You know the stars, now it's time to meet the cars.
The full roster of celebrities trying their hand at racing during April's Long Beach Grand Prix was announced Thursday: Jenna Elfman, Jesse Metcalfe, Wanda Sykes and 11 other actors, athletes and TV personalities will take on pro drivers including Andy Bell, Adam Carolla, and Melanie Troxel.
The Toyota Pro/Celebrity race puts everyone into identical Scion FR-S cars that have been specifically tweaked and tuned for the rigors of racing. Toyota said that since 1991, the race has raised more than $2 million for Racing for Kids, a program that raises money for children's hospitals.
Photos: Driving the race-prepped Scion FR-S headed to Long Beach
Toyota has long been the title sponsor of the three-day Grand Prix weekend, which is set for April 19-21. The event is in its 39th year and draws hundreds of thousands of fans who are eager to see racing in American Le Mans Series, Firestone Indy Lights, IZOD IndyCar, Super Drifting, and Stadium Super Trucks.
With Toyota's heavy involvement in the event, it's no surprise that the the celebrity drivers will find themselves behind the wheel of a Toyota product. This year is the first that the Scion FR-S has been used in the race.
Highway 1 recently logged some seat time in the cars fans can see on the track. Though each may look like little more than a regular FR-S with some racing graphics slapped on the side, these Scions have been heavily modified for the rigors of racing.
With the Pro/Celebrity race often host to several crashes, safety is a primary concern. The cars are gutted and a steel roll cage is welded into each. Many of the interior components are then added back, including the stock seats, headliner and dashboard.
Left on the shop floor are the airbags and stereo; new features are added, such as a five-point racing harness, a window net, a fire-extinguishing system and an engine kill switch.
Mechanically, the racing Scions keep the 2.0-liter, four-cylinder boxer engine the cars share with their Subaru BRZ cousin. The stock 200 horsepower gets a modest bump to 210, thanks mainly to a new air intake and an aftermarket TRD exhaust that's been modified for a more robust sound. Despite these changes, Toyota said these FR-S models still meet California emission requirements.

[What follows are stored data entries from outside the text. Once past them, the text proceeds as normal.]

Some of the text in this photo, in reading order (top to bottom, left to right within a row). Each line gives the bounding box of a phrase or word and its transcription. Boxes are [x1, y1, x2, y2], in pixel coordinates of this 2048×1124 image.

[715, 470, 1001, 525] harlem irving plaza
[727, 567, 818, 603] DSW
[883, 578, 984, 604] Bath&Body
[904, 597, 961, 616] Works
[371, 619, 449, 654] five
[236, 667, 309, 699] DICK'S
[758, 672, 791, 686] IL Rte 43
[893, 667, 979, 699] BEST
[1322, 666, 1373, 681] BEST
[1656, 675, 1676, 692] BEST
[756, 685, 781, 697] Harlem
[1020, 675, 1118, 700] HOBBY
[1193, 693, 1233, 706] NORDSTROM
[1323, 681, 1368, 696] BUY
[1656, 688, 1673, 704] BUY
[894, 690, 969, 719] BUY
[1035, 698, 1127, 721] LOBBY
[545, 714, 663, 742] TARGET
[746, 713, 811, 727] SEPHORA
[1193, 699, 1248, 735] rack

The six-speed manual transmission remains, though a heavy-duty clutch has been added to keep up with the demands of the track. Also stock are the rear brake rotors and calipers, though Toyota upgraded the brake pads. The front brakes get larger rotors and aftermarket calipers. The suspension has been lowered slightly, and TRD sway bars and coil-over shocks and springs have been added.

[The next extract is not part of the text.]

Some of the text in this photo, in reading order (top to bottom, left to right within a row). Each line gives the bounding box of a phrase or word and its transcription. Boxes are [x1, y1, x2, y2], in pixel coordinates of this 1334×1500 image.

Stir all this up and put it on a track and you're treated to an engaging racer that uses agility to compensate for a relatively low amount of power. Despite the heavy modifications to the suspension, these FR-S models are tuned softer than you might expect from a race-prepped car.

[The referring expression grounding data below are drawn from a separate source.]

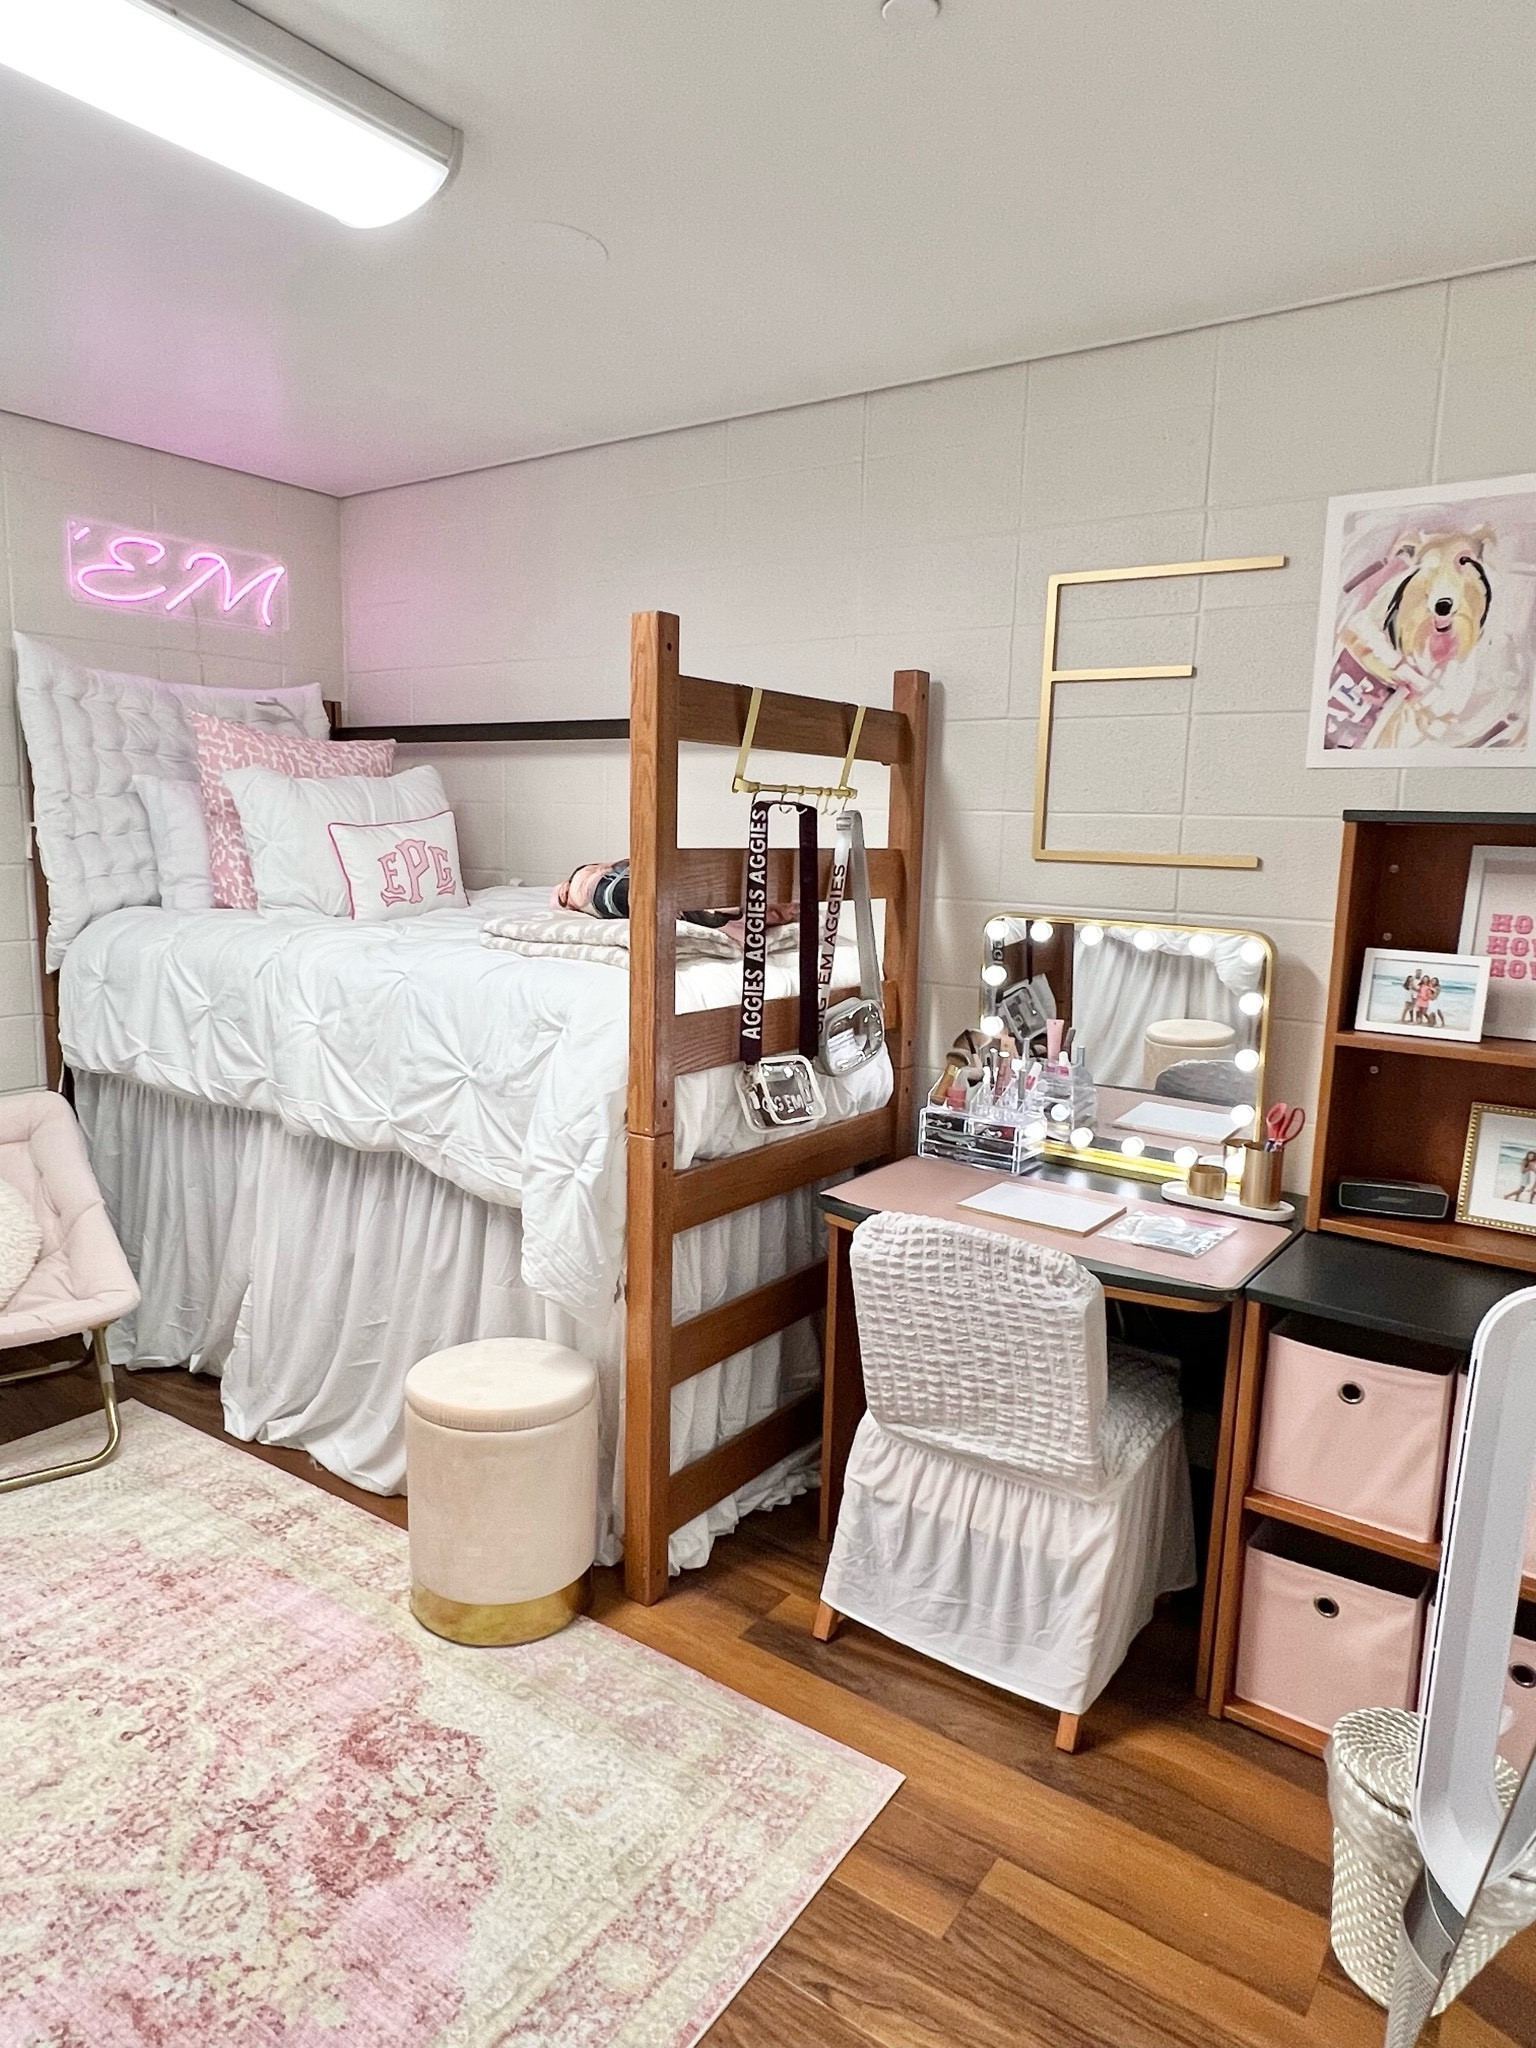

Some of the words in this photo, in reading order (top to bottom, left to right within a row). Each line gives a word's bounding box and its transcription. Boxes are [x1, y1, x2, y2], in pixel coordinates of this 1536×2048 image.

[748, 809, 767, 885] AGGIES
[746, 889, 766, 962] AGGIES
[824, 864, 846, 946] AGGIES
[1487, 936, 1536, 958] HO
[1490, 959, 1536, 980] HO
[742, 968, 764, 1040] AGGIES

Body roll is nicely held in check by the sway bars, and the cars' balance makes them easily approachable and eager to pop back into line if the tail gets loose mid-corner (Toyota disabled the stability and traction control).
Because we tested the cars on the tight, twisty circuit of Streets of Willow Springs in Rosamond, frequent shifts were necessary to maximize the cars' power and keep them from banging into the rev-limiter. The somewhat notchy feel of the shifter remains from the production cars, but the throttle was very well modulated and responsive.
With some baffling removed from the exhaust, the car kicked out an eager, raucous sound worthy of a racetrack. When it came time to corner, the stout front brakes handled admirably.
The cabin of the Scion is a very hospitable place for turning in lap after lap on the track. There's plenty of headroom to accommodate tall drivers (looking at you, Elfman), even with a helmet. Sight lines out of the car make it easy to see around turns, though the driver's-side window net was often in the way for sharp lefts.
The stock seats were wonderful at holding you in place, and Toyota even added a few pieces of foam padding in strategic places on the door and center console to keep your knees from banging into the hard plastic.
The whole experience made for comfortable yet engaging laps that should leave the Pro/Celebrity entrants grinning no matter how they finish. Toyota did an excellent job of drawing on the many strengths of the FR-S (agility, poise, and predictability) and sharpening them.